The narrative focuses on a thirty-year-old Safeway manager named Hazel, whose ennui over the dead-end nature of her job is paralleled only by her crippling fear of the contagions, allergens, and carcinogens that constitute her world. On top of that, she comes from a family of weight-obsessed type-A personalities, has a mother who laments that Hazel will never “just be normal,” and she’s just met a would-be rock-star named Otis who spits when he talks and whose biggest dream revolves around doing makeup for low-budget slasher films. The trouble is, Hazel really falls for Otis and all that he represents — namely, a break from the soul-numbing drudgery of working at Safeway. The result is a trainwreck of a relationship that makes for a great read.
More than anything, alt.punk speaks directly to anyone in the twenty- to thirty-something age bracket who feels hoodwinked by western culture’s promise that we can have anything we want as long as we work hard and want it badly enough. Hazel’s desperation to find some modicum of meaning in her otherwise bland existence is palpable throughout the novel; she’s funny, witty, and smart, yet her options are so limited that every decision she makes, no matter how misguided, makes perfect sense. To put it another way, Ludlow clearly understands what it means to have grown up in the last decade or so of the twentieth century only to wake up one day as an alleged adult at the dawn of the twenty-first. At thirty, she’s a lost child, clinging desperately to the ideals of her youth as she struggles to forge a path to adulthood. Her story, in other words, is the story of a generation.
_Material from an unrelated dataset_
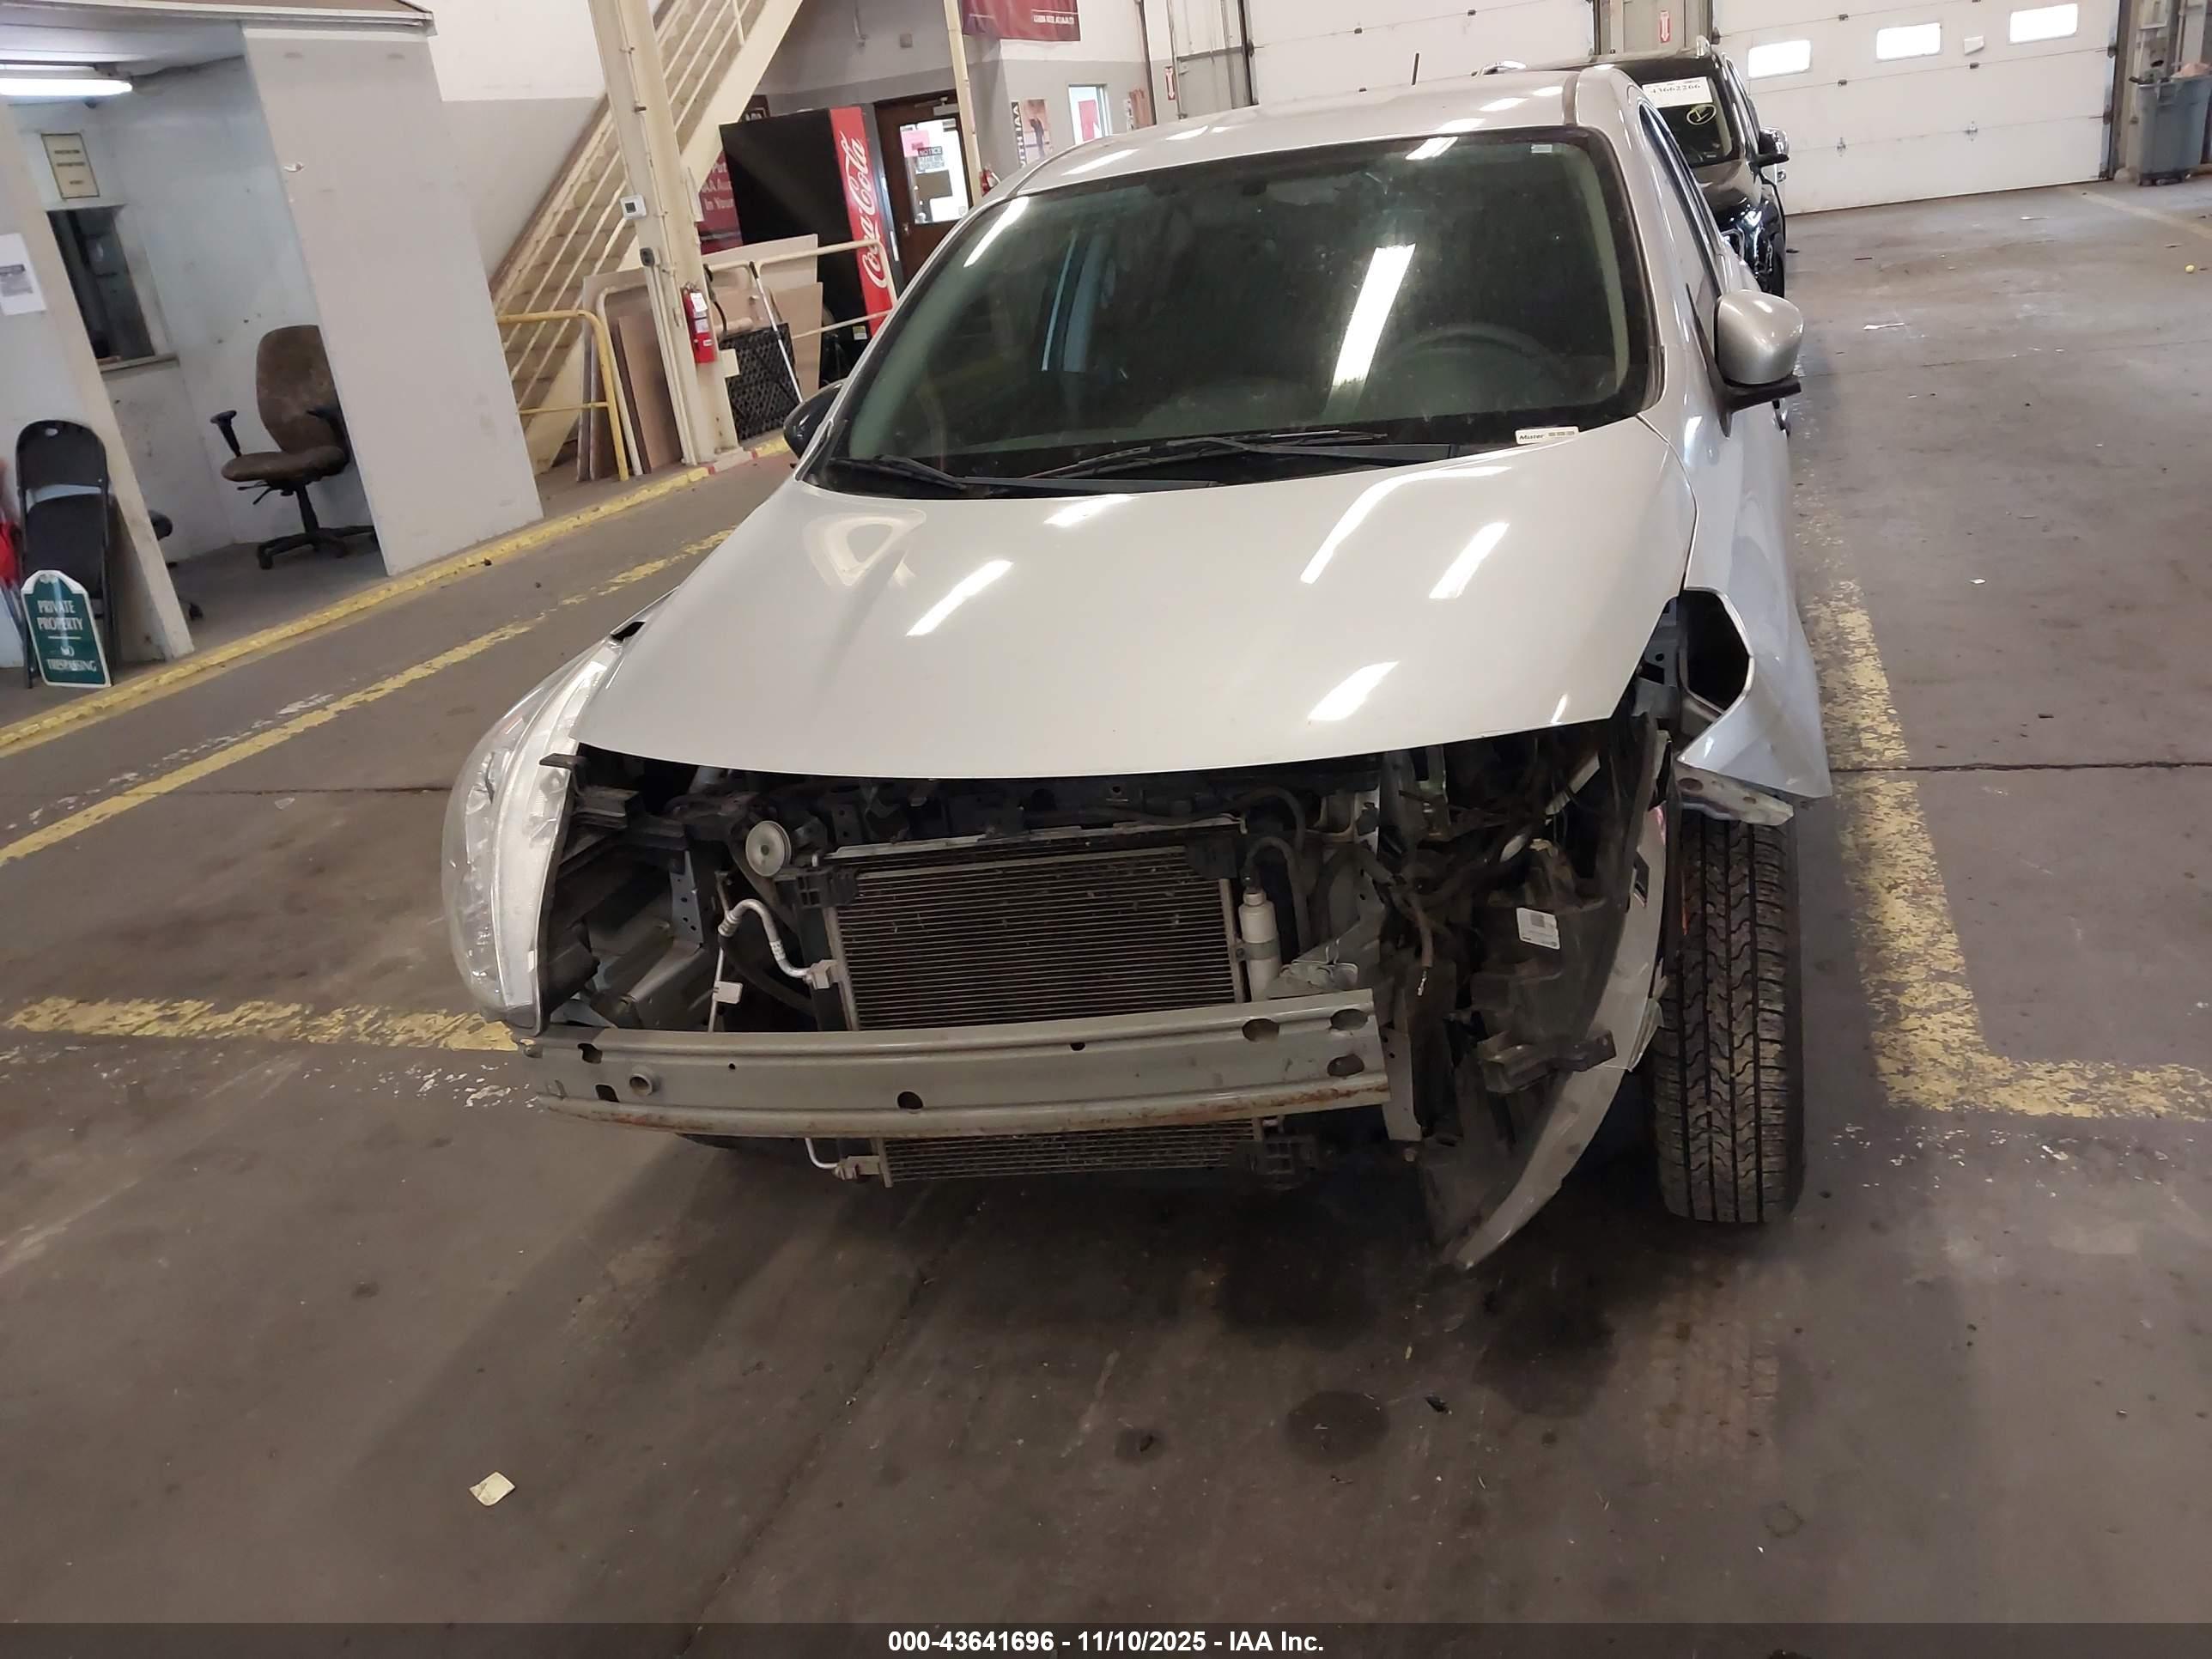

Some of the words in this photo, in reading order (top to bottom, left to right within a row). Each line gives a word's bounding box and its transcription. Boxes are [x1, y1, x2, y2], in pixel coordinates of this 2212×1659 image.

I almost want to say that alt.punk reads like a cross between Jennifer Weiner and Chuck Palahniuk, but that would be doing the novel a grave disservice, for at heart, it’s the ultimate anti chick-lit experience. Gritty and raw as a scratchy seven-inch punk E.P., alt.punk is more closely aligned with Jennifer Egan’s A Visit from the Goon Squad and Hubert Selby Jr.’s Requiem for a Dream. In short, alt.punk has all the makings of an underground cult classic.